Eagles head coach Andy Reid. (Yong Kim/Staff Photographer)
Eagles head coach Andy Reid. (Yong Kim/Staff Photographer)Read more

IT NEVER HAS been like this. We've all had our problems with Andy Reid's coaching over the years, have all wailed about his aversion to running the football and the time-management blunders and the red-zone stagnation and the smarter-than-you playcalling that too often blew up in his face.

We've seen his teams start slow before, stumble in midseason, fall apart in the fourth quarter the way this group did in Sunday's 38-23 loss to Dallas. But there was always an adjustment, always a recoil and a second strike, always a December that looked so different from September it seemed that he, his coaches and his players had all undergone brain transplants.

It's why this season is so maddeningly paradoxical and uncharacteristic. The Eagles aren't just 3-6. They are 3-6 with no apparent movement forward over the last month of football, no indication that Reid and his staff have even a hint on how to fix any of it. No brain transplants on the depleted offensive line, no brain transplants on the underachieving defensive line, no ah-ha turnarounds by the well-paid-for-little-apparent-reason free agents who made his team seem so much better in the last two summers than what has materialized in consecutive Novembers.

The defense has gone backward. The change in defensive coordinators has not begotten better tackling or schemes but rather increased vulnerability and confusion. Whether it was Kurt Coleman reading a touchdown pass way too late, King Dunlap leaving the field instead of remaining for a field goal, or Trent Cole running past another running back carrying the ball, the touted and experienced position coaches hired before the 2011 season have still not duplicated their successes in other places.

The players seem lost. Even the better ones are playing badly, a sure sign of trying too hard, of expecting the worst. Week after week, the players answer postgame questions as if some type of voodoo has befallen the team, almost pleading for the lone victory they believe will break the spell.

The Eagles were 3-6 after a second consecutive home loss a year ago. But that was after a 1-4 start, after Reid put two rookies on his offensive line to start the season and coached them into competency as the season went on. That was after Juan Castillo's learning curve kicked in a little bit, too. The Eagles were a more promising 3-6 back then, if there is such a thing, singeing from a close loss to Arizona, about to knock off the Giants up in their place.
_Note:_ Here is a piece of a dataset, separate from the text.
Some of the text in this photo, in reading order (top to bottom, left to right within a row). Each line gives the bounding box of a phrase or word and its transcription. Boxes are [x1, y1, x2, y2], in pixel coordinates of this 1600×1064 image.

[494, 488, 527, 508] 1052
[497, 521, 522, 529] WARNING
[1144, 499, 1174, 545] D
There was reason to believe the future was going to be better then, especially given the lockout. Now there is absolutely no reason, other than the inherent hope a rookie quarterback with no track record brings.
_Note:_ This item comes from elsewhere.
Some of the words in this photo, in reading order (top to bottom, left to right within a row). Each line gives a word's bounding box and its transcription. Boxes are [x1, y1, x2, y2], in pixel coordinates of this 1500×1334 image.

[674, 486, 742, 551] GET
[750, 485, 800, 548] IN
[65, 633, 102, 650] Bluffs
Imagine if they had not eked out the victory in Cleveland. Imagine if the replacement refs had not greatly aided that victory over Baltimore. Andy Reid is closer to coaching a 1-8 team than he has been since 1999.

If that's the way his time here ends, that's unfortunate. Reid's imperfections may be maddening at times, his public demeanor the polar opposite of warm and fuzzy, but he shouldn't leave this place with the good-riddance aura that people like Rich Kotite or Scott Rolen have left with. Reid never lashed out at his treatment, bad as it sometimes was. And he was genuinely moved by the sympathy and support he received during the legal messes of his sons, and the death of Garrett at Lehigh last summer.

I have no idea how or whether that death has affected Reid's coaching this season. I can only marvel that he has even tried. And although I have often noted that he has not enjoyed the same success since Jim Johnson died and/or Donovan McNabb got old, it should be noted that Reid's most odious playoff Waterloos involved both. People tend to forget the Rams trailed, 17-13, at halftime of that 2002 NFC Championship Game before controlling the ball for 12 minutes and 30 seconds of the third quarter. The 2003 conference championship against Tampa Bay turned on a Bucs 96-yard scoring drive that included Joe Jurevicius' 71-yard catch and rumble. That was Jim Johnson's defense.

But those disappointments occurred in January, after injuries to key players, including the starting quarterback, simply tested Reid's ability to "coach them up." He came up big, every time, in that regard, until now. Give him that.

Monday, someone asked Reid if he still felt the same passion coaching this team as he did a decade ago.

"Yeah, I do," he said. "I love what I do."

I believe him, too, odd as it seems in his worst and most trying season as a head coach. And I believe he will be better off elsewhere, and better too.

So Godspeed, Andy. And may that love for what you do get you through these last, trying months.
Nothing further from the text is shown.